No Contracts. No Lock-In. No Surprises.
My service works like a Netflix subscription. You pay a flat weekly rate, starting at $50 a week, and while that subscription is active I'm your web guy. You can reach me whenever you need something. I handle updates, maintenance, security, content changes, design tweaks, technical problems, research, advice, or whatever else falls within your web presence. Some clients message me every day. Some check in once a month. Some just want the peace of mind of knowing someone is watching the site and handling maintenance without being asked.
The rate scales based on your needs and how much you're asking of me week to week. There is no setup fee. There is no long-term contract. There is no cancellation penalty. You can stop the subscription any time, for any reason, with no notice required. The site is yours and keeps running whether or not we're working together.
I've had clients stay for years. I've had clients pause for a few months and come back. I've had clients cancel and then refer their colleagues to me. None of that happens if the relationship is built on lock-in rather than value.
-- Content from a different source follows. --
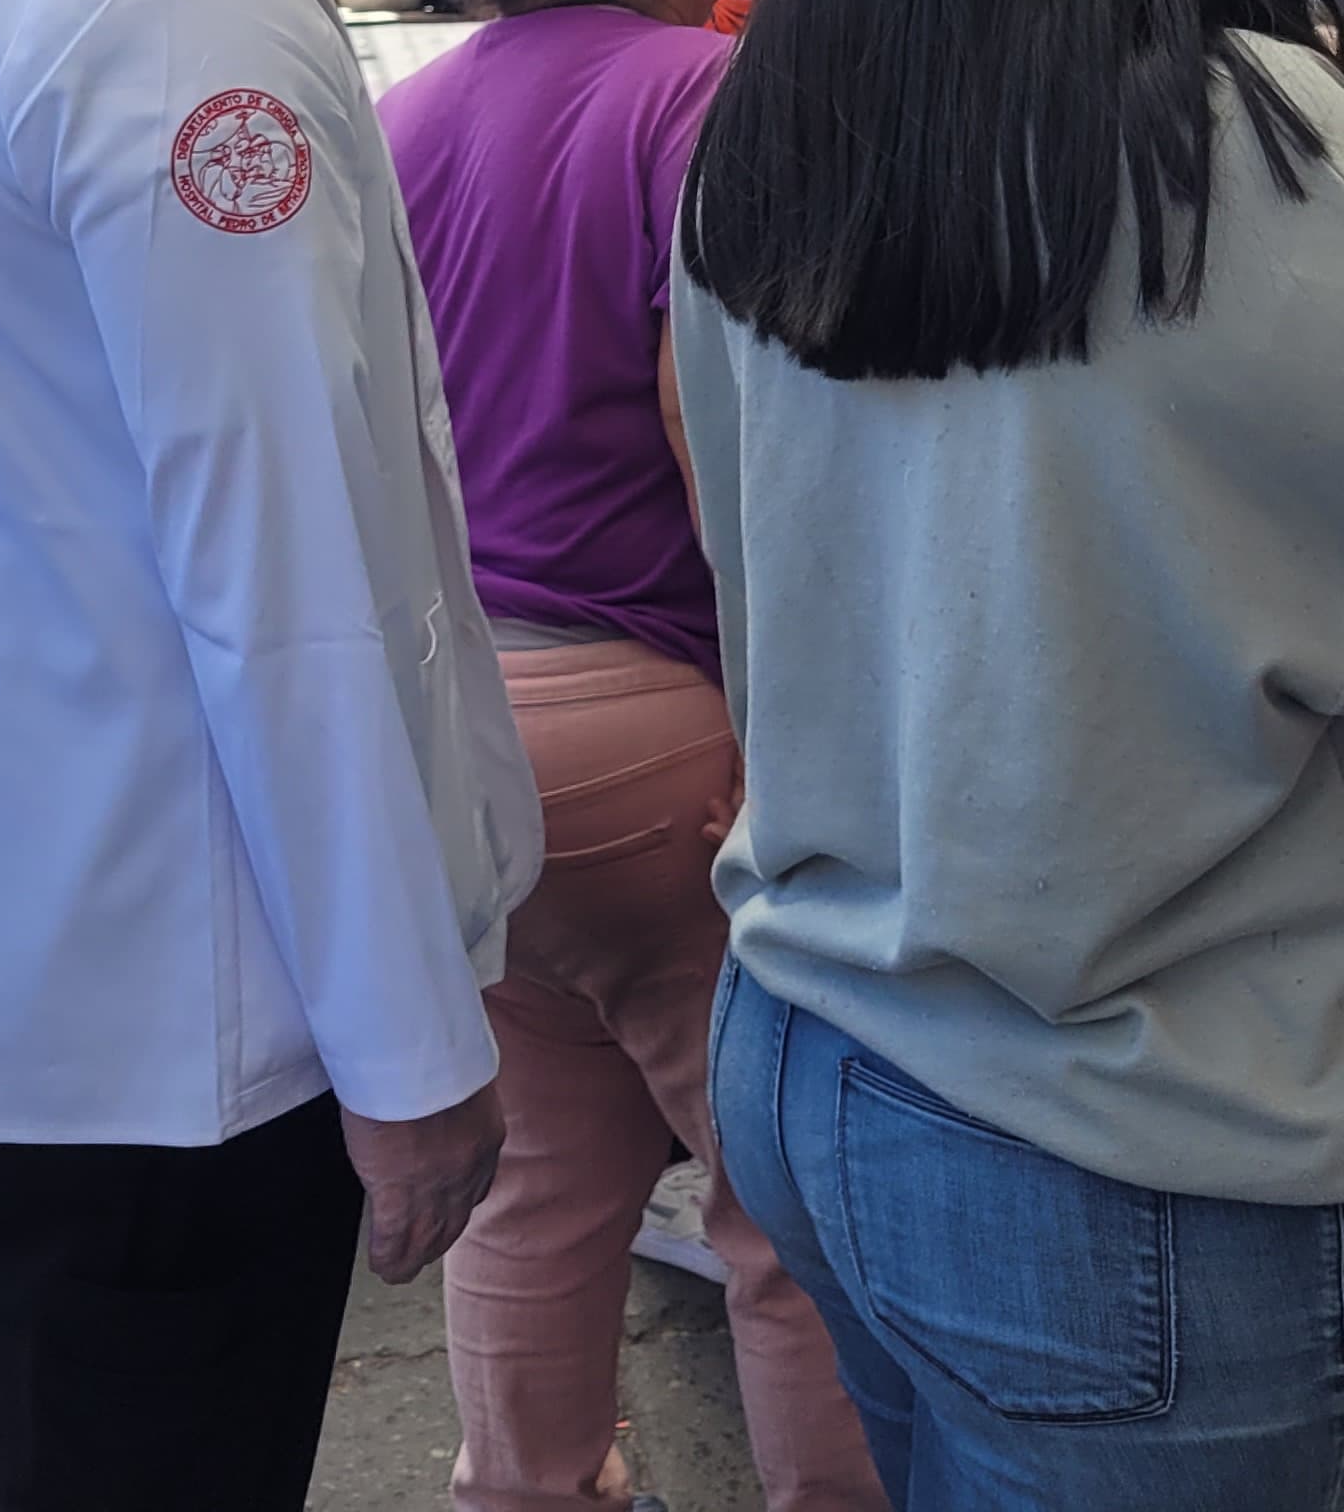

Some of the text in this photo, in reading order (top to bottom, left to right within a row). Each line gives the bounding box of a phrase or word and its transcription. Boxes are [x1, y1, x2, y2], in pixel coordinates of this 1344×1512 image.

One Person, Not a Ticket Queue
When you message me, I read it. I respond. I know your site, your practice, your preferences, and your history. There's no account manager standing between us, no support ticket number, no escalation process. You get a direct line to the person actually doing the work.
That's not a scalability pitch. It's an honest description of how I work, and it's the thing my clients tell me they value most. After years of dealing with agencies where every contact feels like starting from scratch, the experience of reaching someone who already knows the context is genuinely different.
I work with a small number of clients at a time on purpose. Not because I can't handle volume, but because the model only works if I can actually give each client real attention. The moment I'm running a call center, I've become the thing I'm describing as the problem.
What This is Not
I want to be honest about what I'm not, because I think you've probably had enough of overselling.
I'm not an agency with a team of 50 specialists. I'm not running large-scale paid advertising campaigns. I'm not the right fit if your growth strategy depends on aggressive PPC in a highly competitive personal injury market with a $20,000 monthly ad budget. Those scenarios exist and there are firms built for them.
What I am is the right fit for a solo practitioner or small firm that wants a well-built, compliant, fast, accessible website that you actually own, maintained by someone who is genuinely paying attention, at a price that doesn't require you to bring in two new clients a month just to break even on the marketing cost.
The Simple Version
You went to law school to practice law, not to manage a marketing agency relationship. Your time and attention belong in your practice. The web side of your business should run in the background, handled reliably by someone you trust, without consuming your budget or your energy.
If that sounds like what you've been looking for, I might be your new Web Guy. No pitch, no pressure. Just a straightforward conversation about what you need and whether I'm the right person to help.
And if you're currently locked into a contract with someone who built your site on their platform, it may be worth understanding exactly what you own and what you don't before that contract renews.